▸ **Exercise requirements**:
Exact copies of all the lines below are needed, without the pictures.

(Text-to-region grounding data)
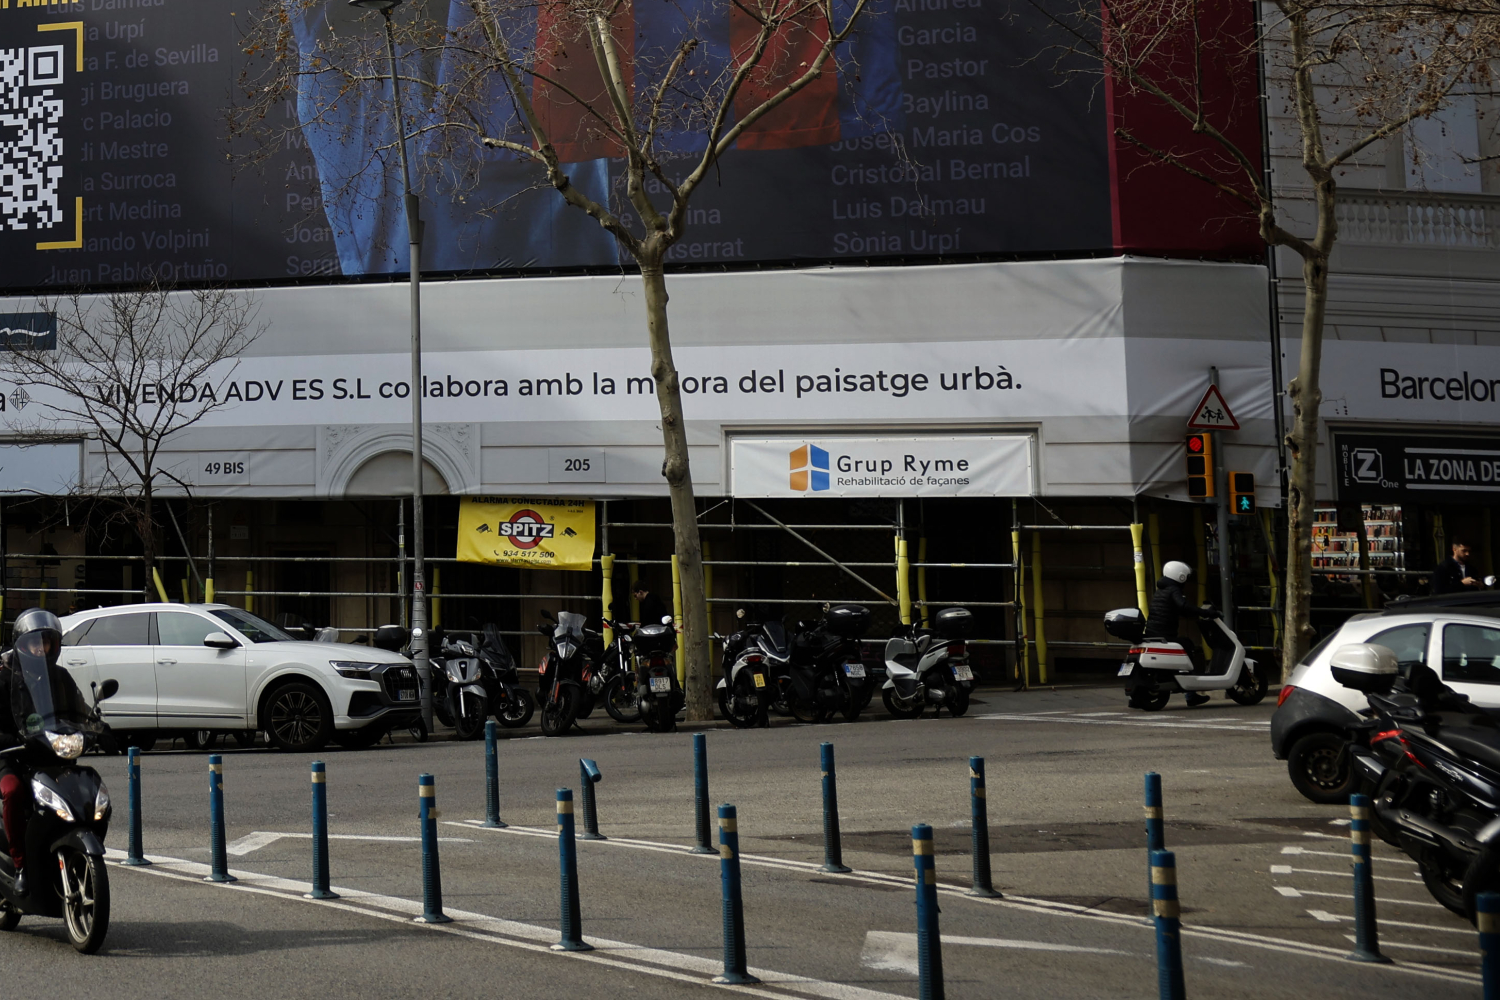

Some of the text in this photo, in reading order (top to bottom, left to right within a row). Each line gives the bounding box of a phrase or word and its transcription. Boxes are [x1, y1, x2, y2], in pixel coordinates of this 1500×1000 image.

[831, 157, 1030, 186] Cristóbal Bernal
[833, 193, 985, 219] Luis Dalmau
[833, 228, 960, 253] Sònia Urpí
[96, 382, 217, 404] VIVENDA
[224, 379, 283, 402] ADV
[292, 379, 324, 400] ES
[332, 378, 371, 399] S.L
[378, 374, 508, 398] colabora
[518, 372, 583, 396] amb
[593, 372, 616, 395] la
[738, 369, 785, 393] del
[796, 367, 929, 399] paisatge
[940, 366, 1022, 391] urbà.
[205, 462, 244, 474] 49 BIS
[564, 459, 590, 472] 205
[837, 455, 969, 476] Grup Ryme
[1341, 444, 1350, 487] MOBILE
[1357, 453, 1399, 489] Z One
[1404, 458, 1426, 479] LA
[1429, 459, 1477, 481] ZONA
[837, 476, 970, 487] Rehabilitació de façanes
[471, 496, 509, 504] ALARMA
[511, 498, 565, 506] CONECTADA
[501, 523, 553, 537] SPITZ
[521, 550, 537, 558] 517

▸ **Expected answer**:
Some of the text in this photo, in reading order (top to bottom, left to right within a row). Each line gives the bounding box of a phrase or word and its transcription. Boxes are [x1, y1, x2, y2], in pixel coordinates of this 1500×1000 image.

[831, 157, 1030, 186] Cristóbal Bernal
[833, 193, 985, 219] Luis Dalmau
[833, 228, 960, 253] Sònia Urpí
[96, 382, 217, 404] VIVENDA
[224, 379, 283, 402] ADV
[292, 379, 324, 400] ES
[332, 378, 371, 399] S.L
[378, 374, 508, 398] colabora
[518, 372, 583, 396] amb
[593, 372, 616, 395] la
[738, 369, 785, 393] del
[796, 367, 929, 399] paisatge
[940, 366, 1022, 391] urbà.
[205, 462, 244, 474] 49 BIS
[564, 459, 590, 472] 205
[837, 455, 969, 476] Grup Ryme
[1341, 444, 1350, 487] MOBILE
[1357, 453, 1399, 489] Z One
[1404, 458, 1426, 479] LA
[1429, 459, 1477, 481] ZONA
[837, 476, 970, 487] Rehabilitació de façanes
[471, 496, 509, 504] ALARMA
[511, 498, 565, 506] CONECTADA
[501, 523, 553, 537] SPITZ
[521, 550, 537, 558] 517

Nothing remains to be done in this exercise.